Full disclosure: In the ten years since God saw fit to grace this world with my daughter, I have played Barbies and attended tea parties. I have let her douse me with rouge. I have painted her fingernails. I have oohed and ahhed over dresses and skirts and pretty flowers.
I have done all these things.
But I have never, until this day, attended a piano recital.
But here I sit in the sanctuary of my church, left side, middle pew, waiting as patiently as I can for my little girl to take the bench and tickle the ivories.
Thirty people or so have joined me, many of them fathers in their own right. Plenty of grandfathers, too, and of course a full compliment of mothers, grandmothers, aunts, uncles, and what I believe to be a few stragglers who simply followed the crowd inside. All of us gathered together, all of us with strained ears and expressions that alternate between wow and ouch.

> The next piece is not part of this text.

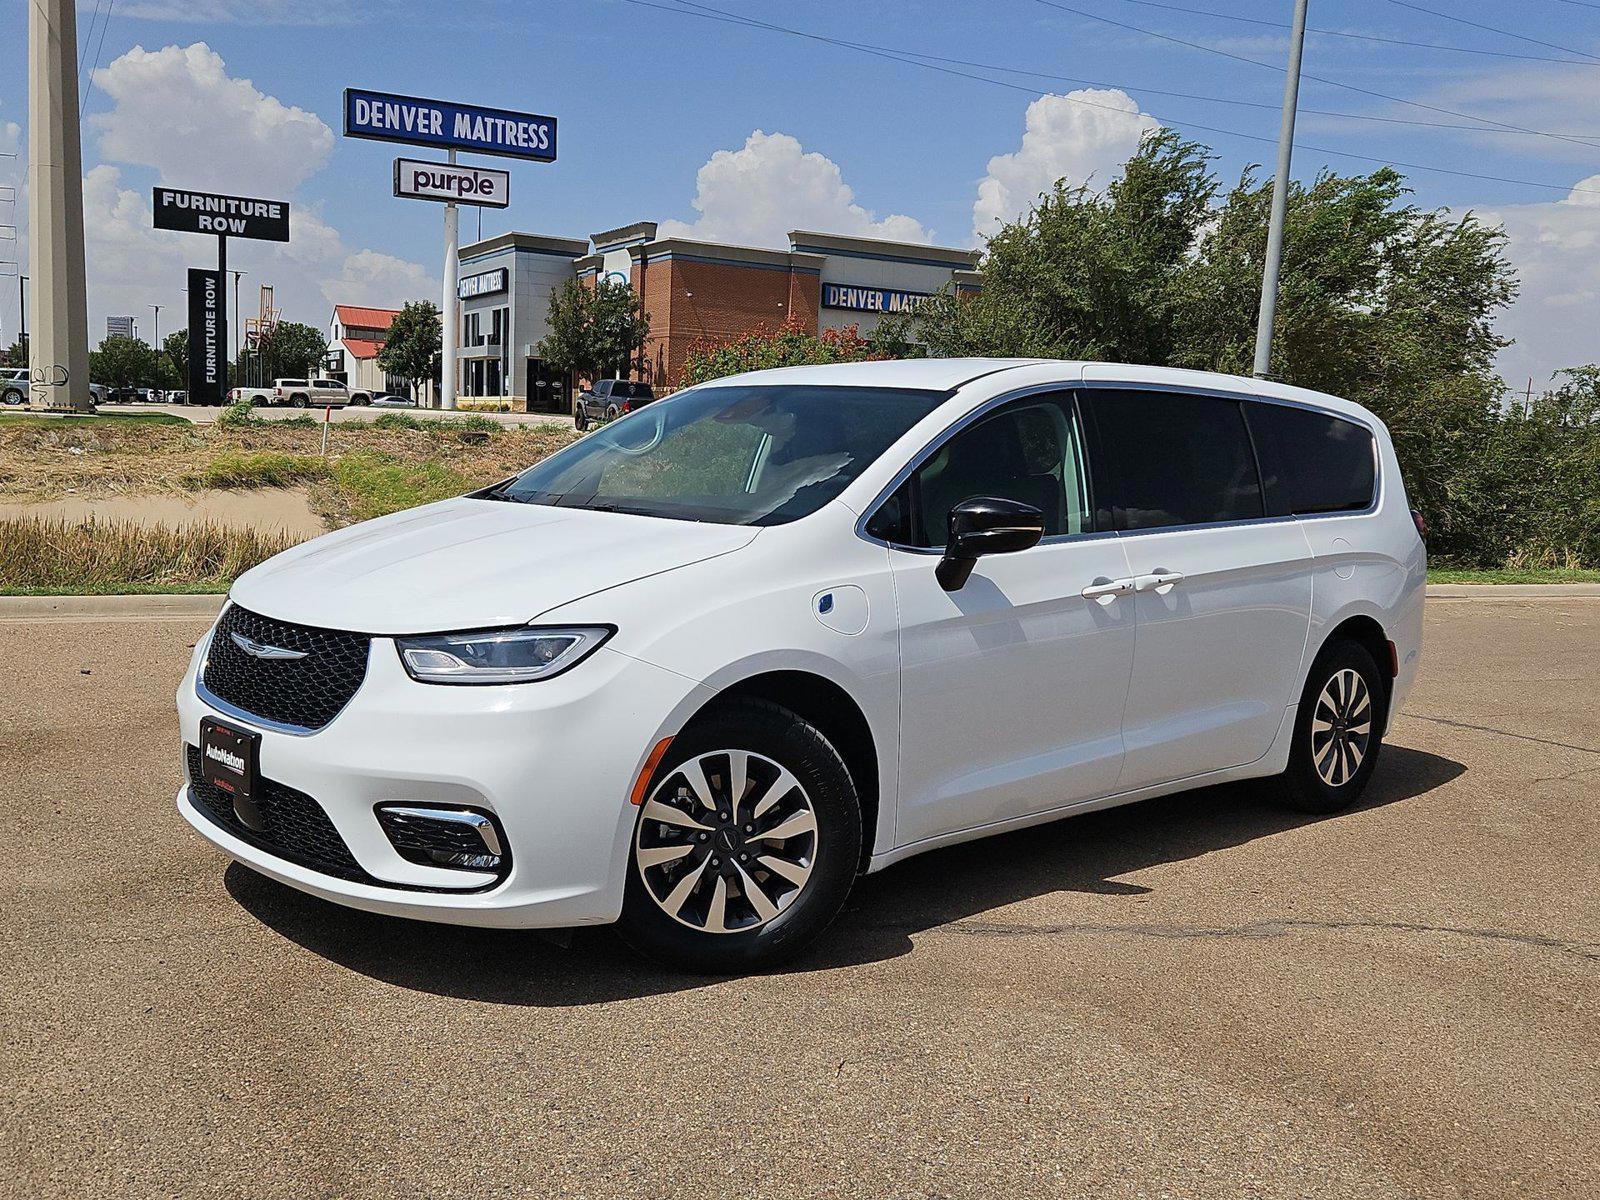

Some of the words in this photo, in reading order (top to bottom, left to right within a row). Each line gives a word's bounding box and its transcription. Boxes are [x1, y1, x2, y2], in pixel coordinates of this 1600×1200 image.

And I have to say, so far so good. The first three budding virtuosos have battled admirably. Now it’s my daughter’s turn. She stands, makes her way to the stage with a smile that is part fear and part joy and all happiness, and sits.
She performs three songs—“Merrily We Roll Aong,” “Train’s A-Comin,” and “The Old Clock.” Nothing too complicated, too over-the-top, but slow and easy and good. The right notes are intermingled with only a few clunkers, but she plows on undeterred.
She is rewarded at the end with a round of applause that leaves her red-faced and beaming. She takes her seat with the others and listens attentively.
Me, I’m glad I came. Being here is surely less of a threat than letting her paint my fingernails (which only happened once, mind you, and only because she was sick and needed the distraction and because I love her, so don’t you dare judge me) or playing Barbies. She was nervous about the whole thing, had practiced her songs every night for three weeks to the point where I almost prayed for deafness, but she refused to let fear get the better of her.
I am proud of her. For that, yes, but also for this. For what she’s doing, and for what all of these children are doing.
Because these kids are taking their first steps upon a holy path—to create music.
Seems like a little thing, doesn’t it? After all, we all do it. We sing in the shower and sing in the car and sing at church. We snap our fingers and whistle. We drum our fingers. And who among us hasn’t had occasion to reach for the nearest air guitar?
We’re surrounded by it. It’s on television and the radio, the computer and the phone. Our lives are infused with it.
But it even goes deeper than that. The Aborigines of Australia believe God sang the universe into creation. That might seem crazy on the surface, but there are more than a few physicists who now believe the universe itself is made up of sonic pulses.
In other words, creation has a soundtrack.
Which is why I think my daughter’s onto something. And why I just might go home and ask her to show me a few notes on the piano in our living room. Run the scales, maybe. Maybe teach me “Train’s A-Comin.”
Because the universe might be full of music, but I still think this world needs more of it. As much as we can give it. There are too many tears.